Choi Boram, Lee Keun Ho, Kim Choonkyu, Chun Hojong, Bae Kyongtae T
Department of Obstetrics and Gynecology, Seoul St. Mary's Hospital, College of Medicine, The Catholic University of Korea, 222, Banpo-Daero, Seocho-Gu, Seoul, Republic of Korea.
Wizmedi Inc., Bucheon-Si, Gyeonggi-Do, Republic of Korea.
Int Urogynecol J. 2025 Apr 29. doi: 10.1007/s00192-025-06083-4.

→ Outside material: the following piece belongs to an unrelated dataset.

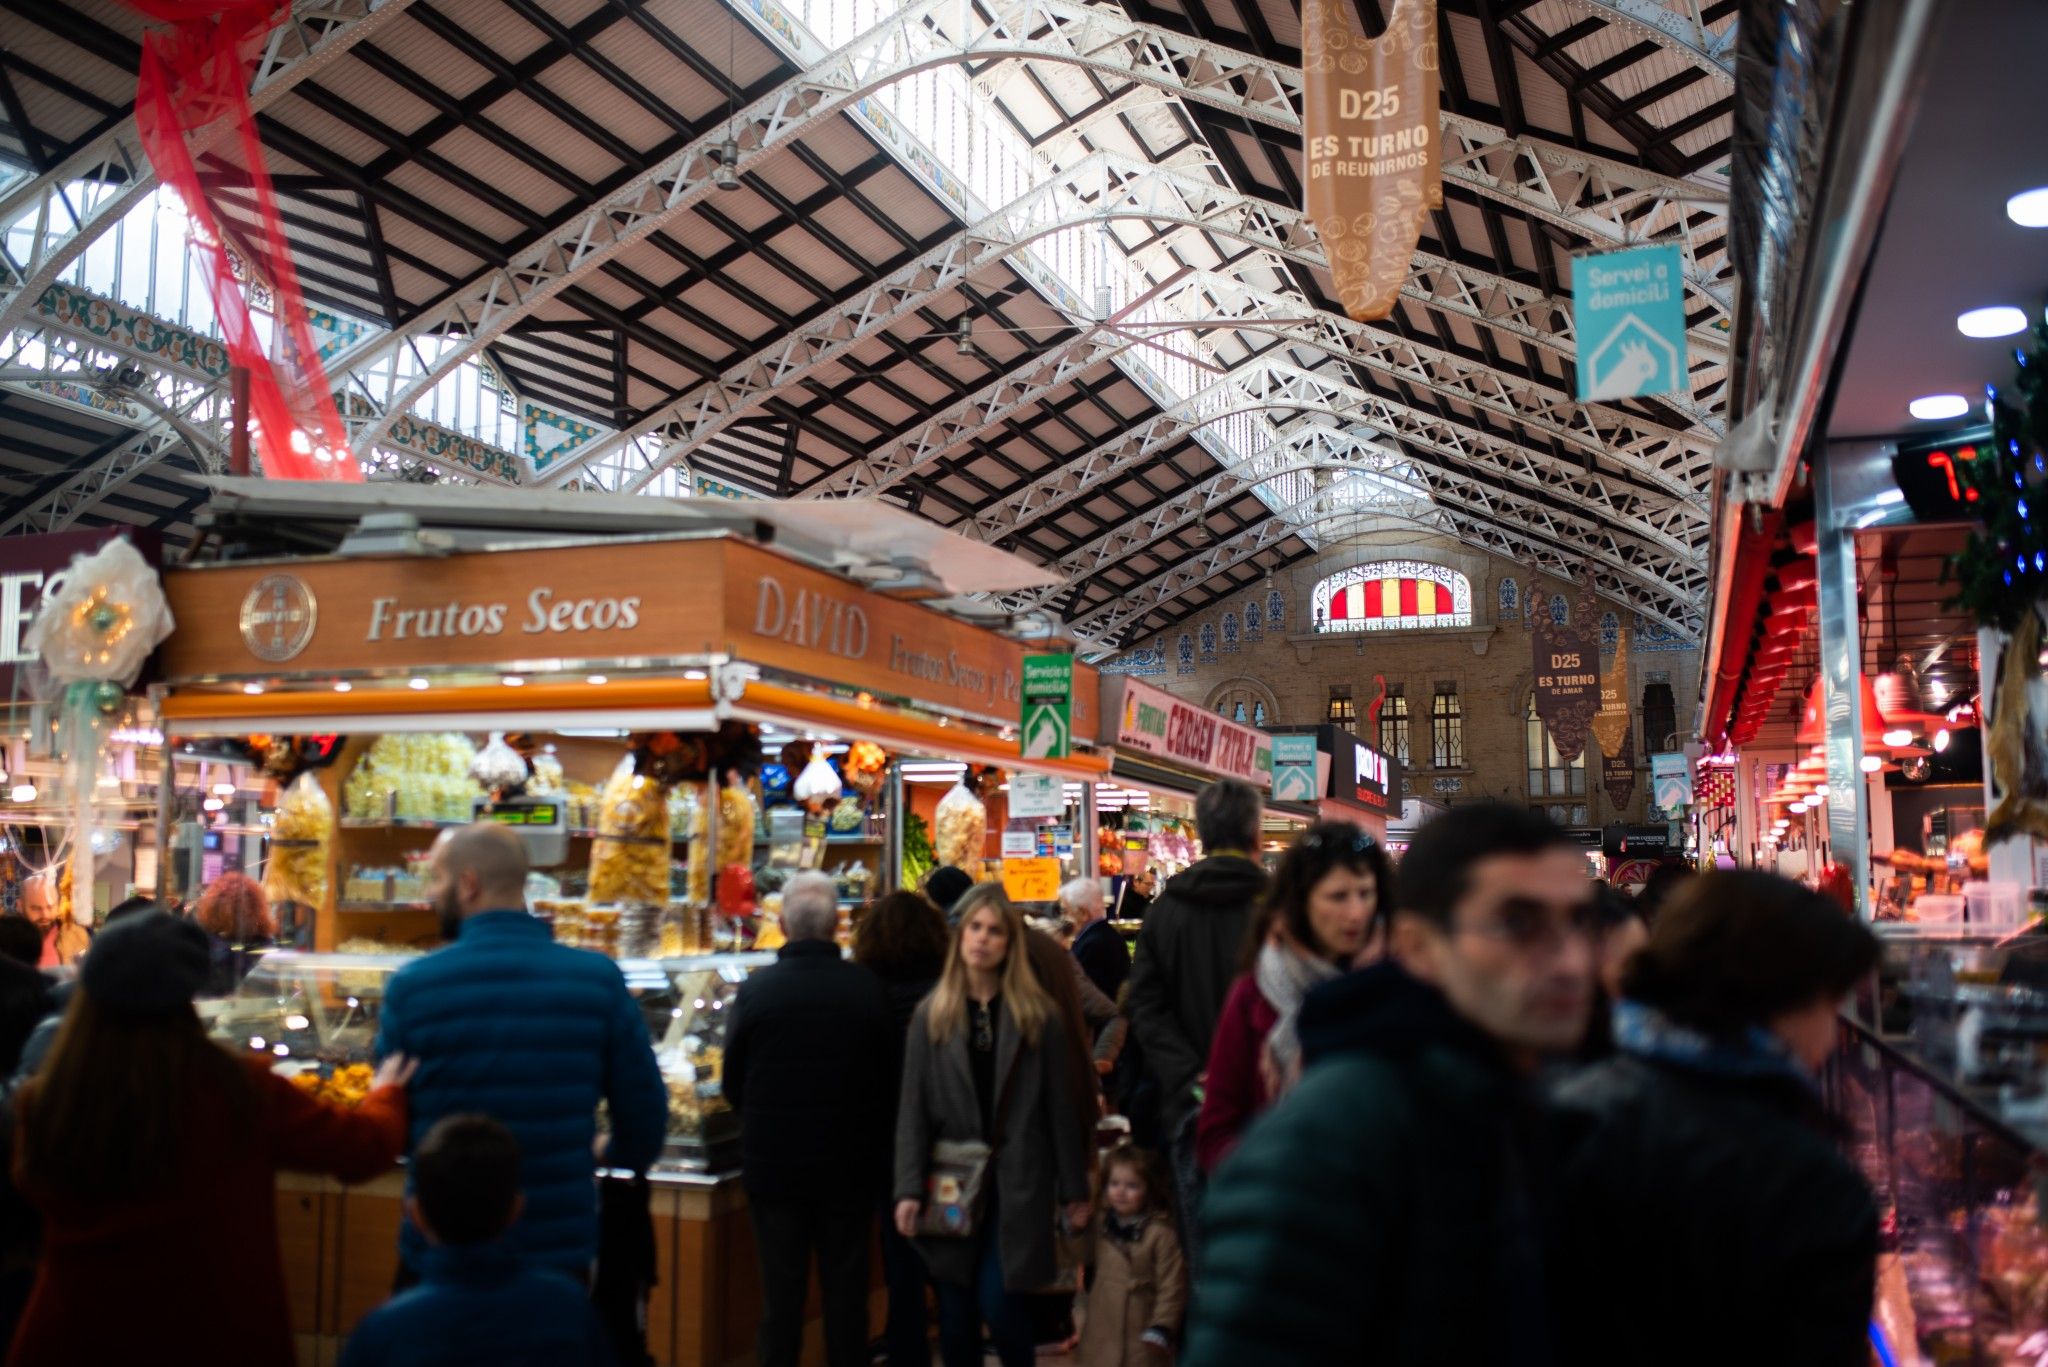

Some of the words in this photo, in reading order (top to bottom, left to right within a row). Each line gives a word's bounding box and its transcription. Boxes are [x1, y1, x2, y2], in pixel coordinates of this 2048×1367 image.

Although several procedures have been developed to increase the precision and reduce the invasiveness of sacrospinous ligament fixation surgery, all surgical approaches require dissection of the vagina to access the paravaginal space and visual or tactile identification of the ligament before deploying a suture or anchor device at the ligament target site. The aim of this study was to develop and demonstrate the feasibility of a minimally invasive, needle-based treatment of vaginal apical prolapse by CT-image-guided anchoring of the vaginal vault to the sacrospinous ligament in cadavers.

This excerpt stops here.